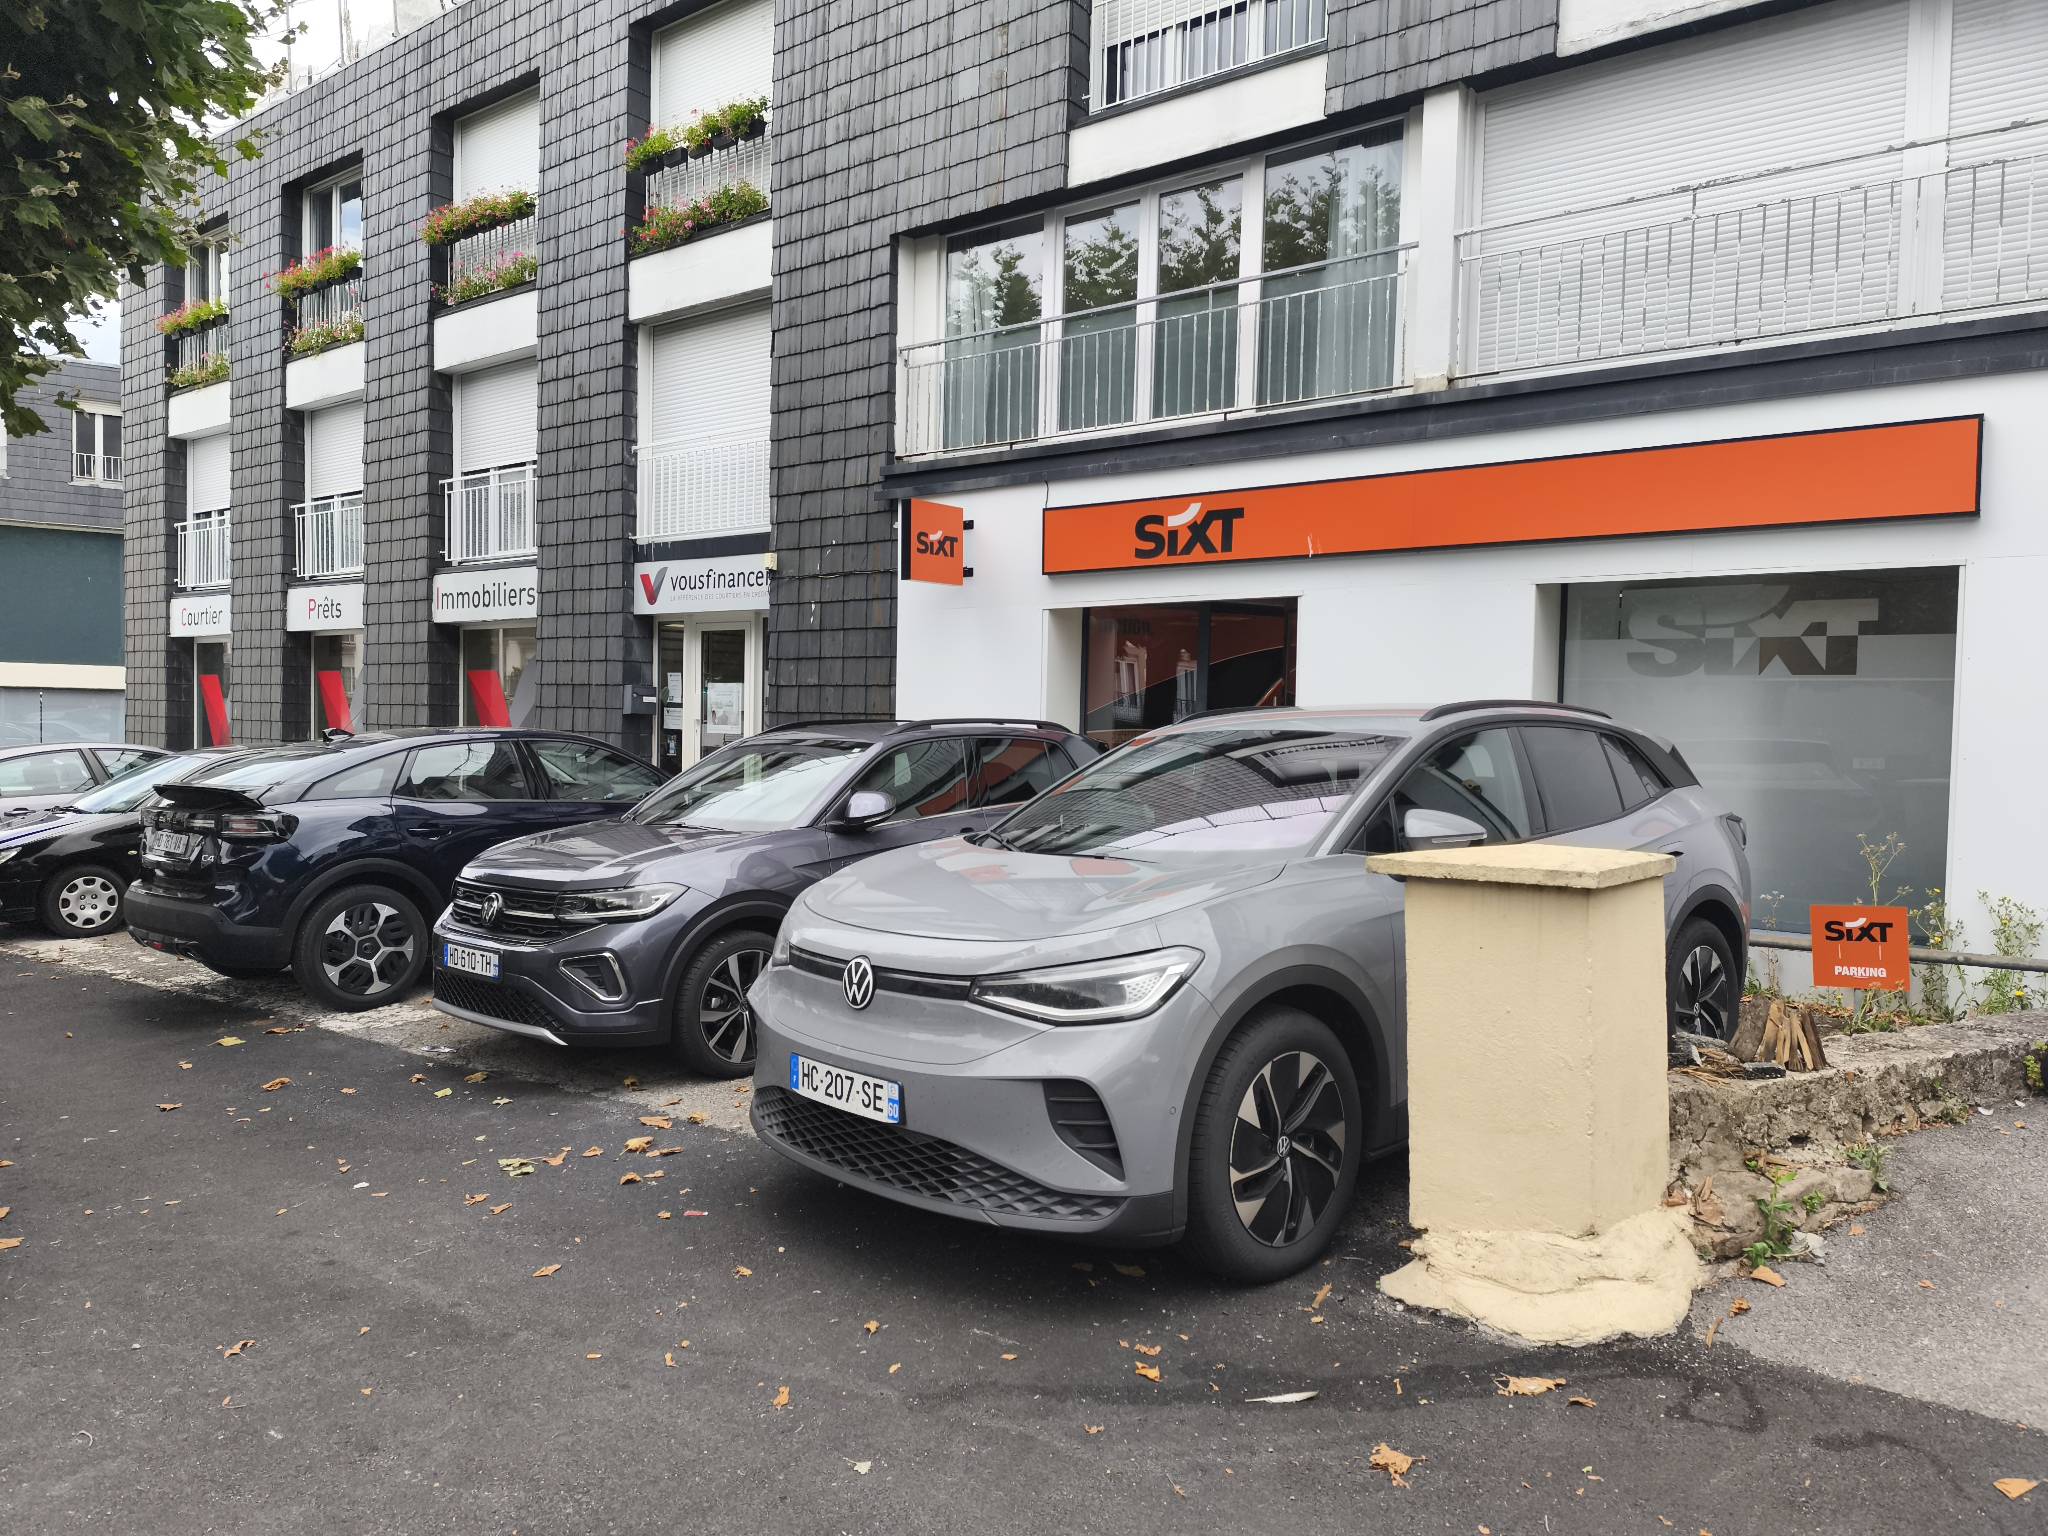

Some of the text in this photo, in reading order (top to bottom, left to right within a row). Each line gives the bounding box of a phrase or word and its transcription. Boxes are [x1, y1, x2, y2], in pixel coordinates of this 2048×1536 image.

[436, 581, 536, 610] Immobiliers
[181, 605, 223, 627] Courtier
[308, 596, 342, 621] Prêts
[201, 854, 215, 862] C4
[1834, 965, 1887, 978] PARKING
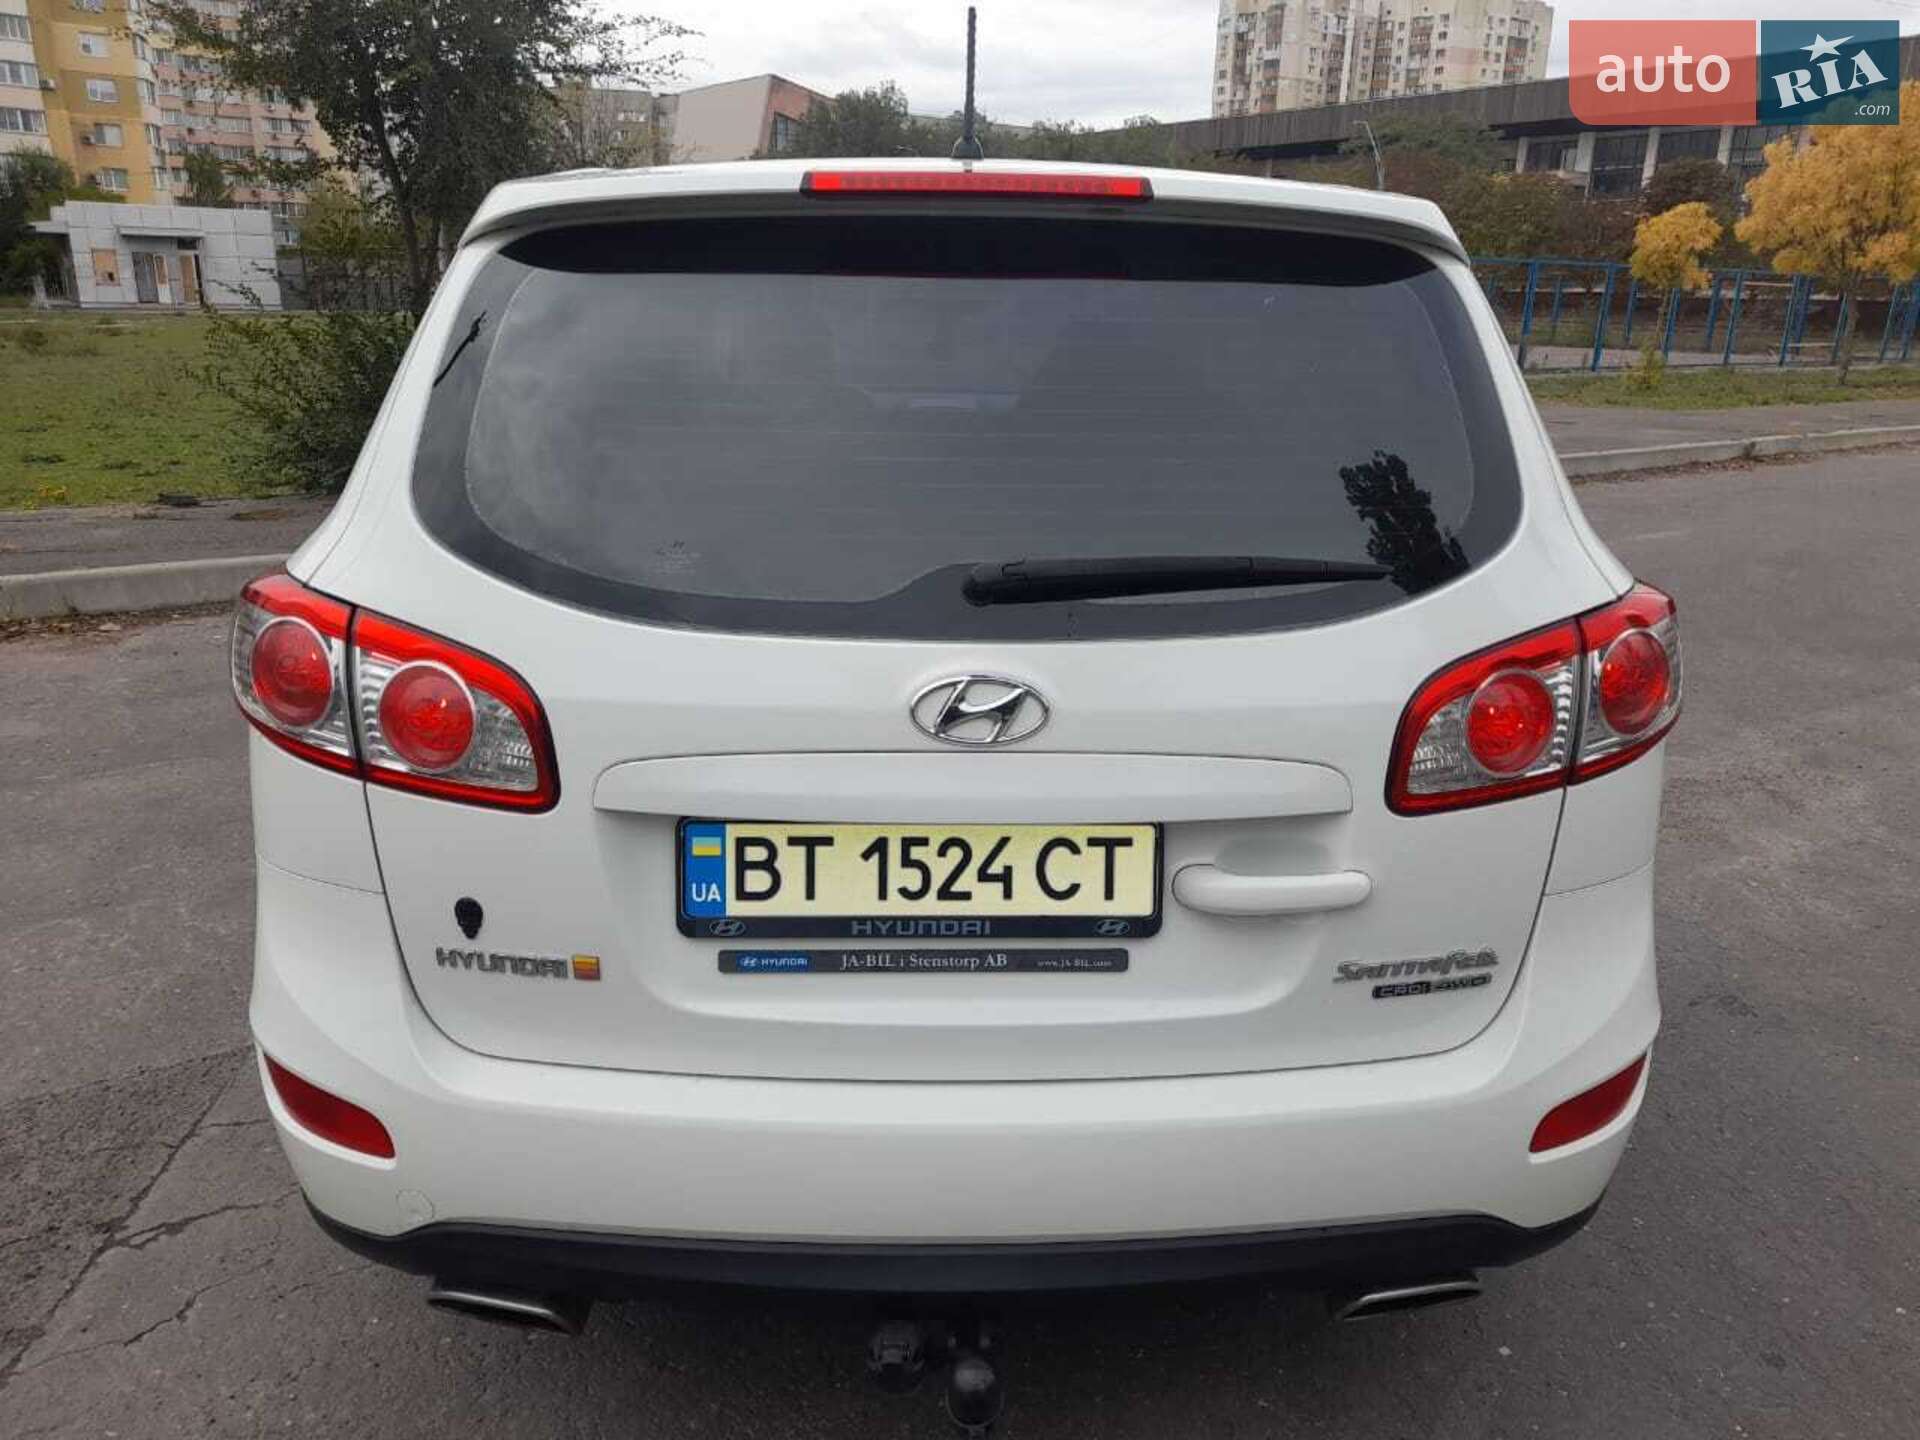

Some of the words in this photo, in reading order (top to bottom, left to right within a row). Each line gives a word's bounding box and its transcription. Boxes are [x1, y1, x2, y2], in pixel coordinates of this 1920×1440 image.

[734, 836, 834, 900] BT
[860, 836, 1013, 900] 1524
[1035, 836, 1134, 900] CT
[691, 883, 721, 902] UA
[851, 920, 991, 936] HYUNDAI
[435, 946, 569, 980] HYUNDAI
[761, 958, 808, 967] HYUNDAI
[840, 954, 896, 970] JA-BIL
[909, 953, 980, 969] Stenstorp
[984, 953, 1008, 967] AB

* * * *

◆ WHAT TO DO: Output only the lines from the one with "Some of the words" through the last line of the entries above; please keep them exact.

◆ TASK SOLUTION:
Some of the words in this photo, in reading order (top to bottom, left to right within a row). Each line gives a word's bounding box and its transcription. Boxes are [x1, y1, x2, y2], in pixel coordinates of this 1920×1440 image.

[734, 836, 834, 900] BT
[860, 836, 1013, 900] 1524
[1035, 836, 1134, 900] CT
[691, 883, 721, 902] UA
[851, 920, 991, 936] HYUNDAI
[435, 946, 569, 980] HYUNDAI
[761, 958, 808, 967] HYUNDAI
[840, 954, 896, 970] JA-BIL
[909, 953, 980, 969] Stenstorp
[984, 953, 1008, 967] AB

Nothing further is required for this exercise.